Italy’s debt this year will exceed its previous record as a result of World War I, causing the debilitating cost of the coronavirus epidemic to the third largest economy of the copper region. euro.
The new loan that counts 159.8% of the gross domestic product given in the fiscal outlook was approved by Prime Minister Mario Draghi’s cabinet on Thursday. This exceeds the probable all-time high of 159.5% achieved in 1920, just before the era of Benito Mussolini’s fascist dictatorship.
The economic update also confirmed a forecast of 4.1% lower growth this year, with a target of 4.5% after the stimulus and other measures are included, according to a government official. It forecasts a budget deficit of 11.8%, increasing borrowing by billions of euros to protect people and businesses from the catastrophe of the pandemic.

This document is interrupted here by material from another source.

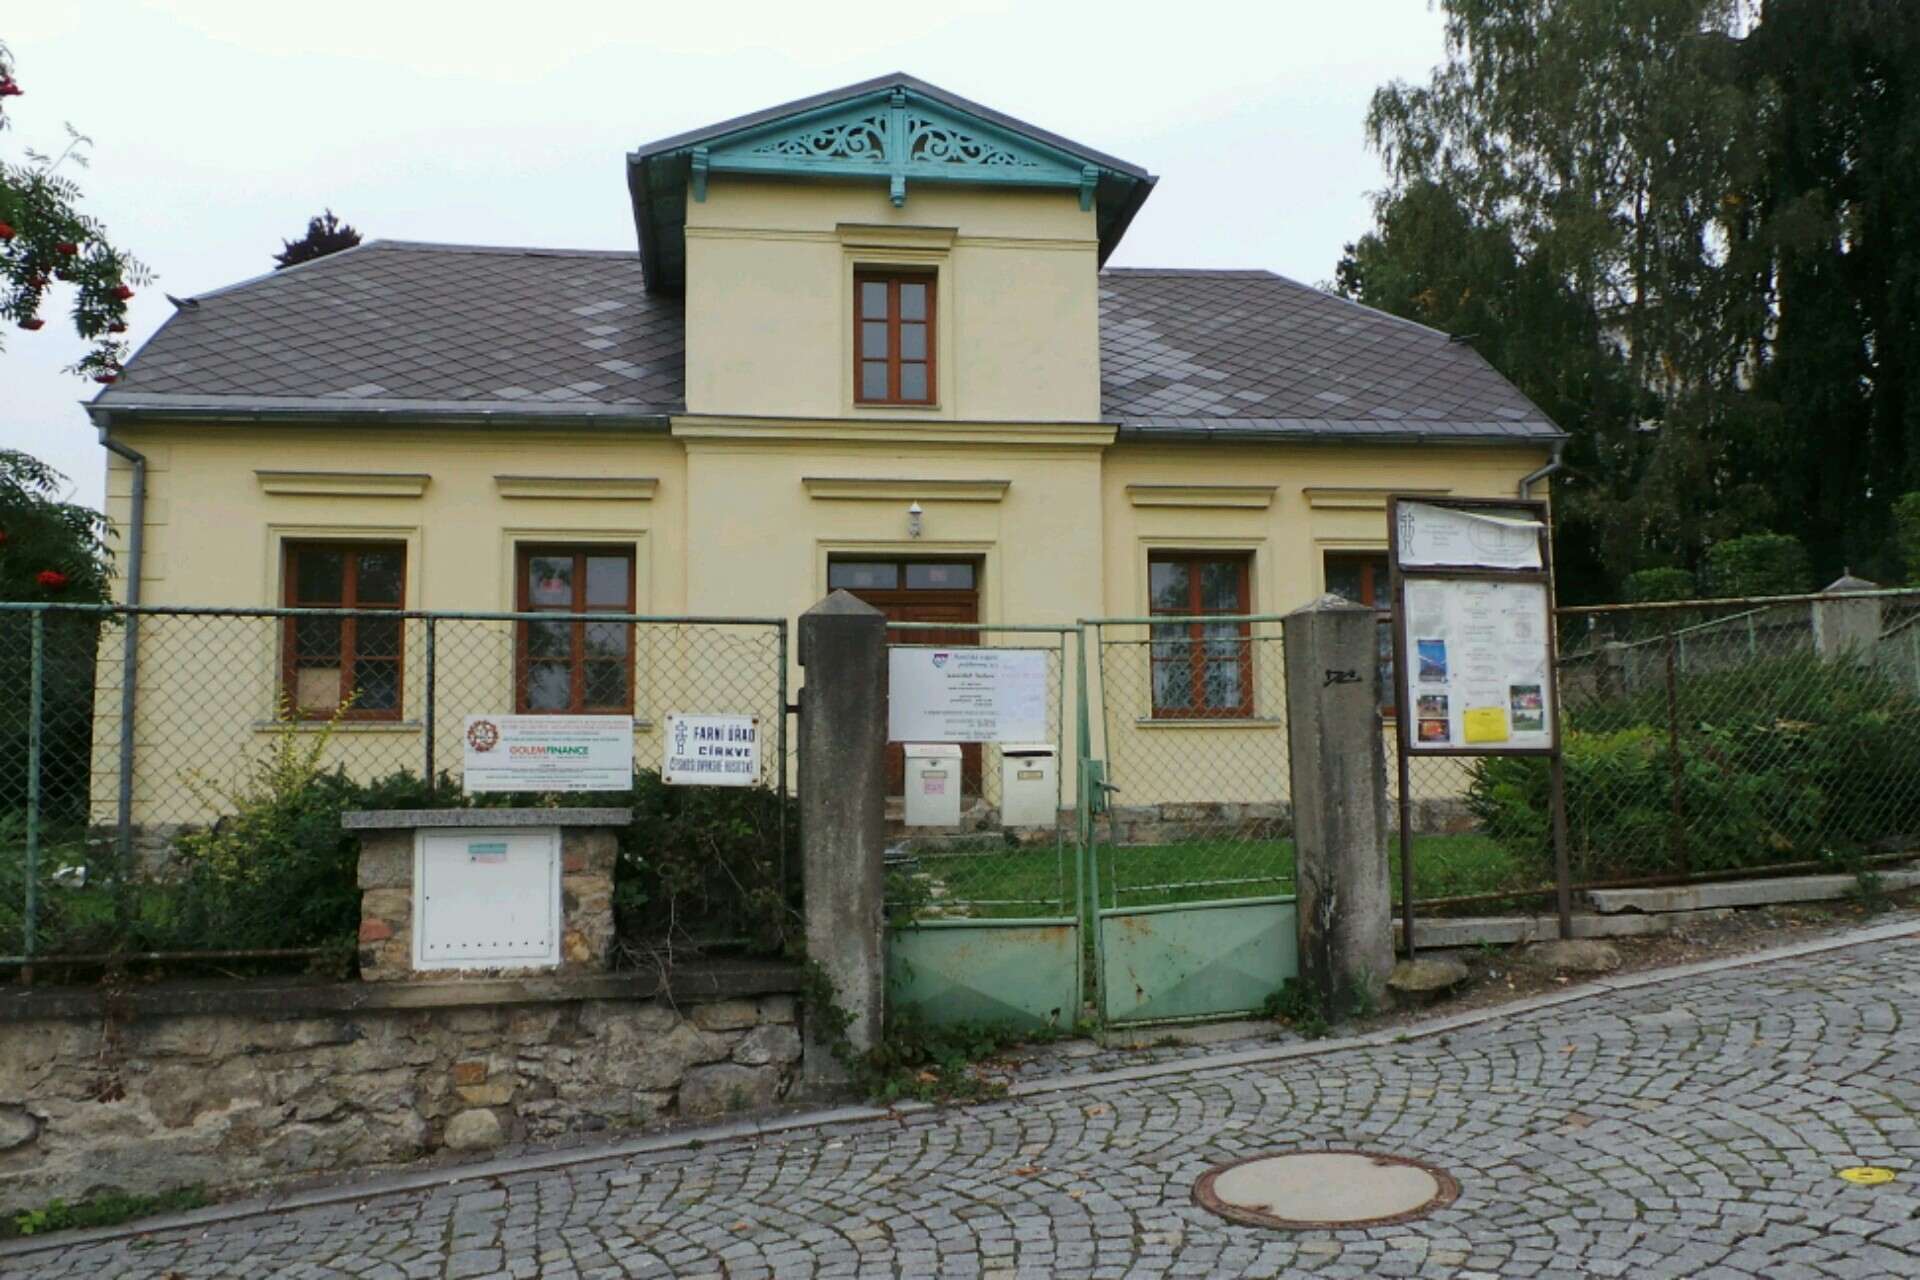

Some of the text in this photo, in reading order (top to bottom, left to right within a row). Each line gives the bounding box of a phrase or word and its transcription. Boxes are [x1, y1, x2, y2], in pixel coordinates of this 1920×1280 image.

These numbers represent the first full set of economic forecasts compiled since Draghi led the response to the Italian coronavirus, which killed more than 115,000 people and led to the incidents. The shutdown has cut off key industries like tourism. The government has agreed to borrow 40 billion euros ($ 48 billion) for the new stimulus measures, pushing the country’s overall pandemic spending to more than 170 billion euros.
Currently, Italy’s spending is backed by the European Central Bank, which is buying government bonds to keep cross-country spreads under control and make pandemic debt less expensive. significantly less.
With austerity being pushed down to a level that allows the government to focus on rebuilding the economy, the growth recovery spurred by national stimulus measures and the European Union will assist. Italian finances, starting next year.